### DIRECTIONS
Would you please transcribe the records below exactly, leaving out the pictures?
==========
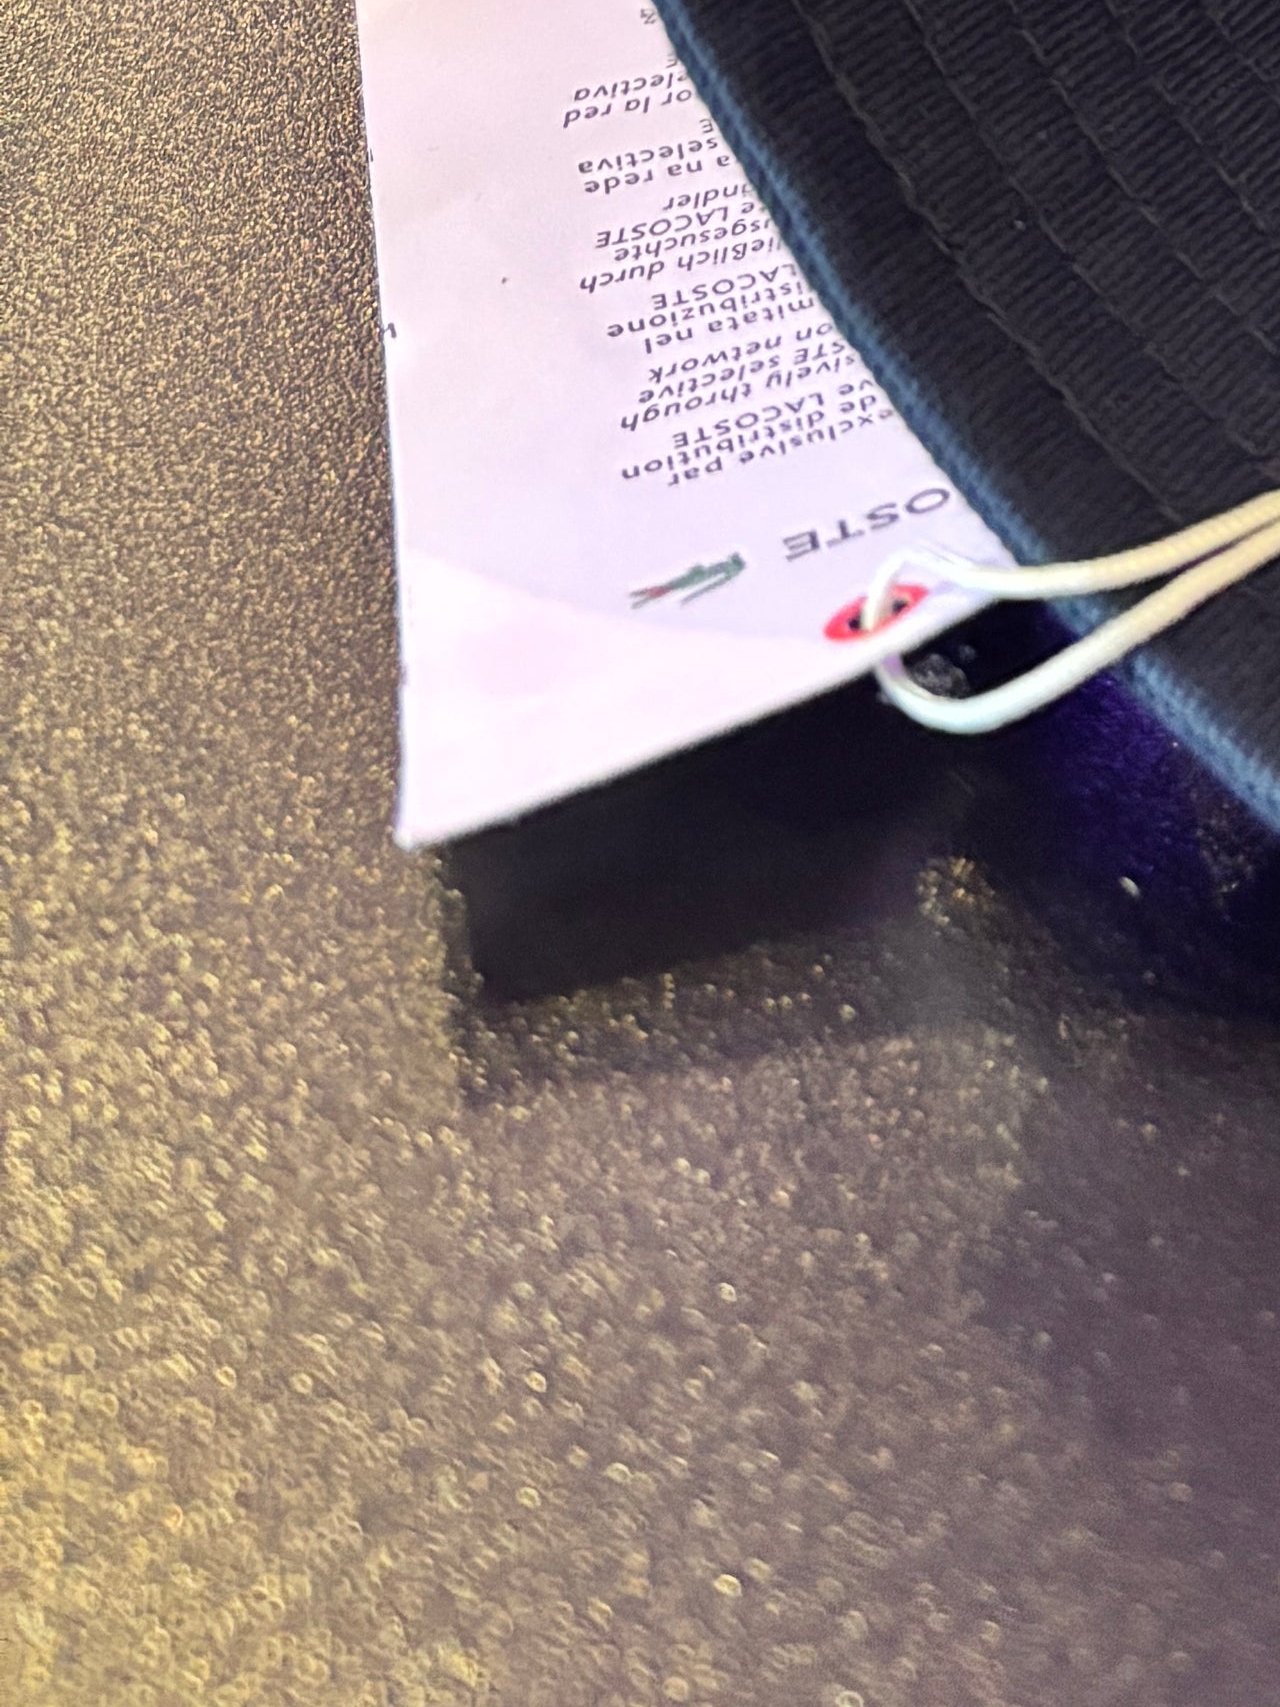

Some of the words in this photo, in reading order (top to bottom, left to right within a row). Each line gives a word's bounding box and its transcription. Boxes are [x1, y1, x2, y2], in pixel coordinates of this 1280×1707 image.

[562, 103, 611, 128] red
[624, 96, 650, 113] la
[577, 137, 718, 174] selectiva
[666, 159, 702, 176] na
[584, 169, 653, 194] rede
[595, 205, 728, 248] LACOSTE
[579, 260, 665, 294] durch
[644, 327, 692, 354] nel
[648, 335, 781, 384] network
[637, 354, 779, 403] selective
[620, 382, 751, 432] through
[672, 392, 824, 448] LACOSTE
[621, 410, 824, 479] distribution
[668, 455, 723, 486] par
==========
### TASK RESPONSE
Some of the words in this photo, in reading order (top to bottom, left to right within a row). Each line gives a word's bounding box and its transcription. Boxes are [x1, y1, x2, y2], in pixel coordinates of this 1280×1707 image.

[562, 103, 611, 128] red
[624, 96, 650, 113] la
[577, 137, 718, 174] selectiva
[666, 159, 702, 176] na
[584, 169, 653, 194] rede
[595, 205, 728, 248] LACOSTE
[579, 260, 665, 294] durch
[644, 327, 692, 354] nel
[648, 335, 781, 384] network
[637, 354, 779, 403] selective
[620, 382, 751, 432] through
[672, 392, 824, 448] LACOSTE
[621, 410, 824, 479] distribution
[668, 455, 723, 486] par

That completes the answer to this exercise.